In a state of mind not so happy and upbeat I headed to a friendly neighbourhood cinema to watch a film in the hopes of getting a few laughs. The film of choice was the George Dish Clooney starrer Up in the air. Those who have missed it, please go watch it. It is as real as reality can get on screen. But I am not here to exalt the gorgeousness that is Clooney or how the role of a dapper “career transition professional” suits him better than as that of a Man who stared at goats. Pointless exercise i say...
Anyhoo. Other than the gorgeousness that is Clooney and Vera Farmiga's brilliant performance, the movie induced an epiphany or sorts... two to be exact, while it played on screen. I guess these resonated the loudest as they related quite closely to a couple of important events in my life.
Of men, marriage and expectations:T he first was when 30-something Alex (played by the beautiful Vera Farmiga) and Anna Kendrick's 23-year-old Natalie compare notes on what they look in a man worth marrying. Natalie rattles of a list of qualifications that 'fits the bill' of the perfect guy (for her): White collar. college grad, loves dogs, six foot one, likes funny movies, brown hair, kind eyes, works in finance, out-doorsy with a single syllable name, like Matt or Dave... and so it went. Compared to this was Alex's very thoughtful utterances of someone who is taller than her, earns more money than her (something she says makes sense when one's older) as the other way can create a mess in the marriage, has hair , enjoys her company, has hair (though not a deal breaker), loves..likes kids ... and a nice smile. Simple yet doable and oh-so-boring and un-romantic.

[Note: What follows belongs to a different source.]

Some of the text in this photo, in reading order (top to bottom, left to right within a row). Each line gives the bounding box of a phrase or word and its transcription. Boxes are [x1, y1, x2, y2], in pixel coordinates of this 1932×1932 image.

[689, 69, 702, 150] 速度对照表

Makes you wonder how expectations go south as we grow older. Please don’t get me wrong; I don’t believe that this is a bad thing because one thing that I have learnt is not to expect the moon. Keeping them realistic has been the key for me (And I learnt this lesson just a couple of years back). Which is not to say you sacrifice your ambitions... far from it… the idea is to learn to expect the essential… which of course is different for different people… but I digress.
Back to the movie
Some may wonder, as Natalie did, if Alex’s list of expectations was akin to compromising, in other words a failure.
Alex to Natalie: You see settling as a failure... but when the right guy comes along it won't feel like settling.

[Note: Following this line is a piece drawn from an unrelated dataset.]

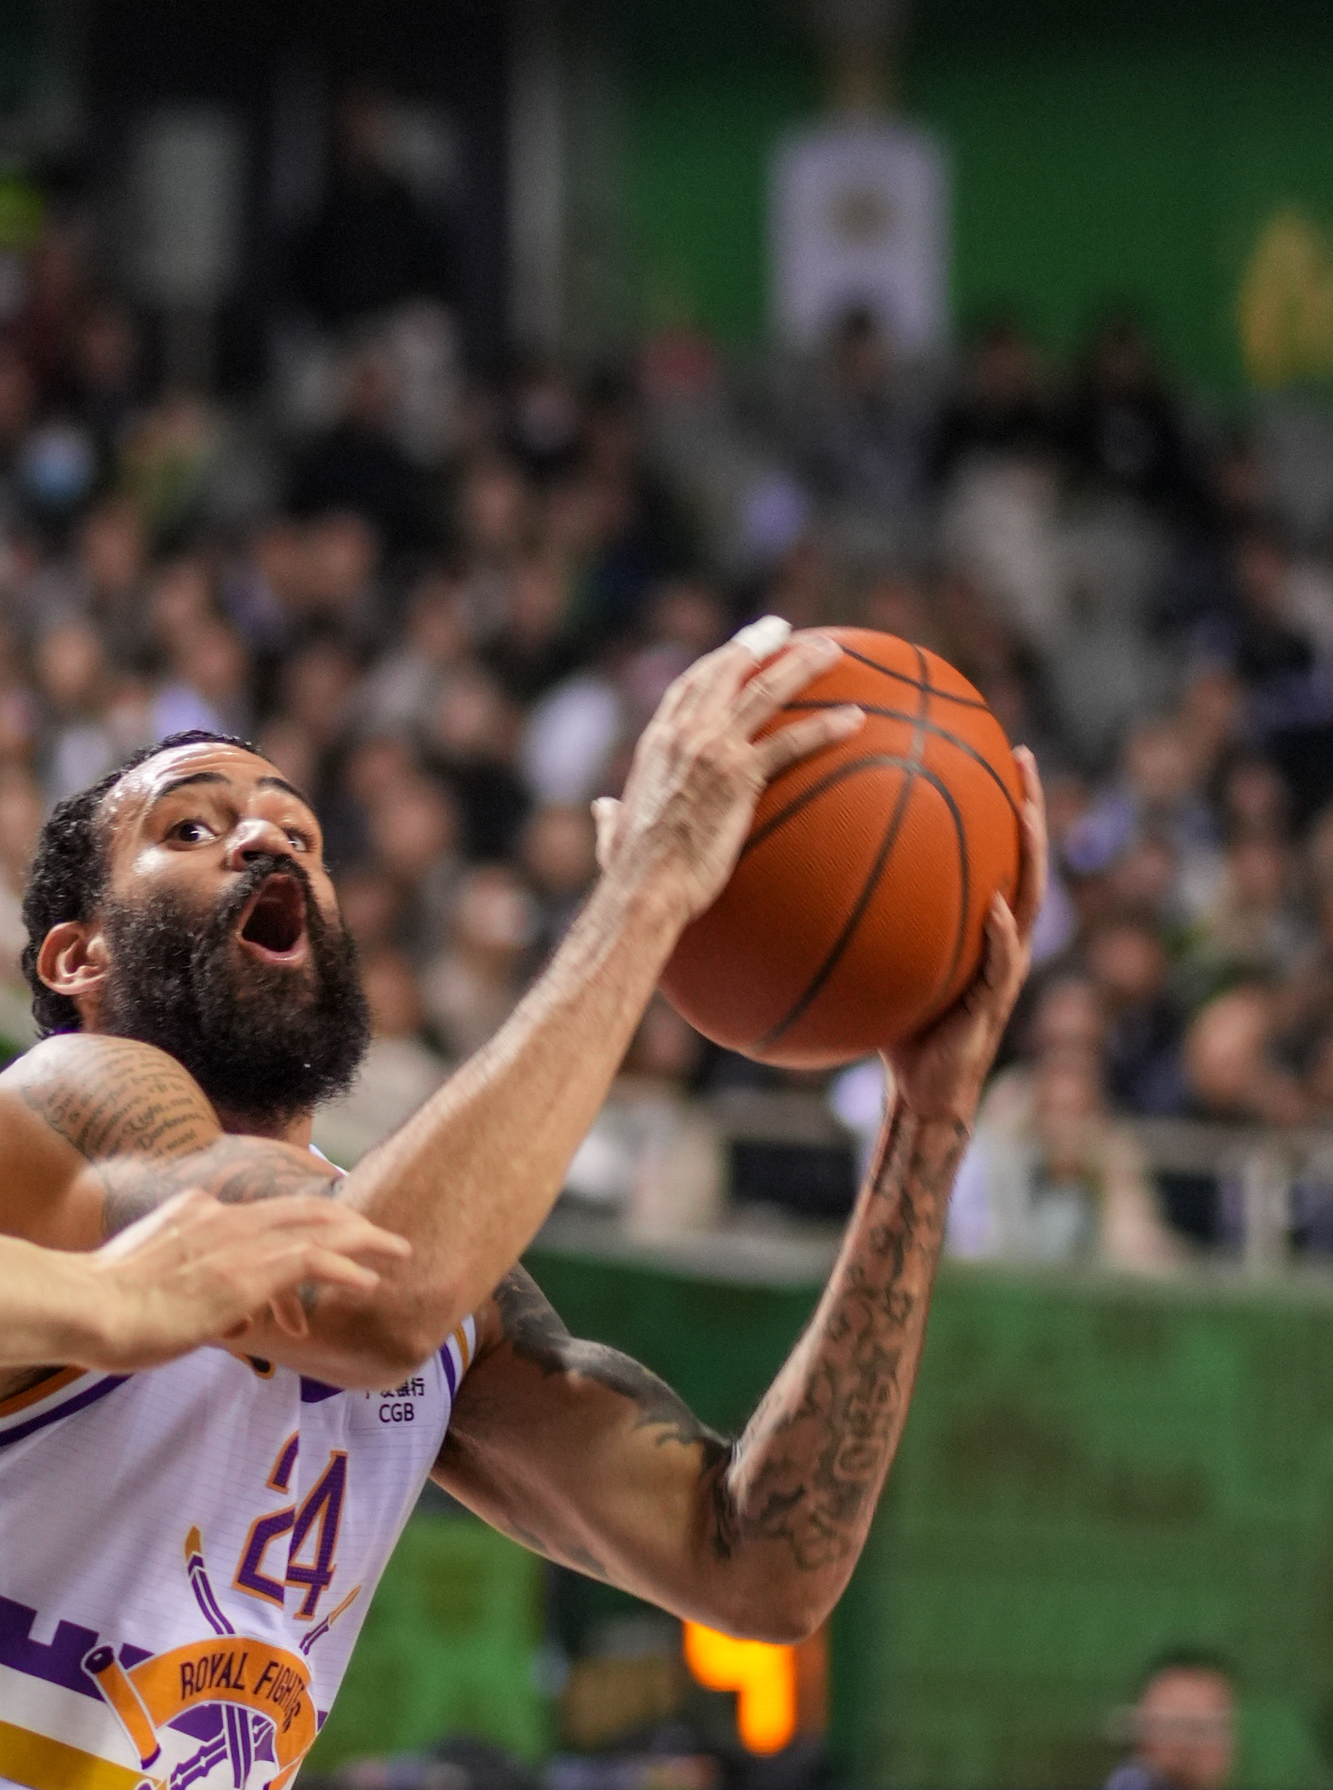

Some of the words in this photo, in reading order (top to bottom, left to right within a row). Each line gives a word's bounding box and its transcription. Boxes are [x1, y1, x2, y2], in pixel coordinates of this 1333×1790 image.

Couldn't help but mentally nod in agreement. Till not long before I got married I had resisted the age old "wisdom" of making compromises in marriage. I fought the notion tooth and nail vowing not to fall in that trap. And when it was time to tie the knot, I did have to make several adjustments. Only that they didn't seem as daunting as I had made them out in my head. It wasn't as if I didn't struggle with my demons but having made the choices as I did, today I can comfortably say, these were sensible decisions that led to some happy times.

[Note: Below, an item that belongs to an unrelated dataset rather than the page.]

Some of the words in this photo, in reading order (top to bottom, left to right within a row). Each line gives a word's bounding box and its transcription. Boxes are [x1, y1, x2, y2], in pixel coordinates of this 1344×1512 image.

The second scene in the movie that struck a chord was when Clooney's character tells a man who he is firing that this may be the time to seize the opportunity to do what he really wanted.
"How much did they pay you to give up your dreams? At what point were you going to stop and go back to what makes you happy?" Not every body gets this opportunity... chance of a rebirth..
Made me want to quit my job right there and then (if I had one, i.e)! So I sat wondering could this phase in my life be my opportunity to chase my dreams? Getting down to doing what I claim I wanted to all this while. Isn't that what most of us do. Swap a personal ambition for "sensible" things. Before you think i am advocating quitting your job so that you can go "read a book as you go travelling the world" let me clarify that i am not. What the scene essentially said was when life gives you lemons... well make nimboo paani. I just liked this packaging so much better. Hopefully I will soon be on my way to doing things I thought I couldn’t or I should but didn’t. Wish me luck folks. So as I go figuring out if I want my lemonade sweet or salty or a mix of both, you go think about how you plan to do what you always want to do (even if it's a hobby). And those smug buggers who are already there, more power to you!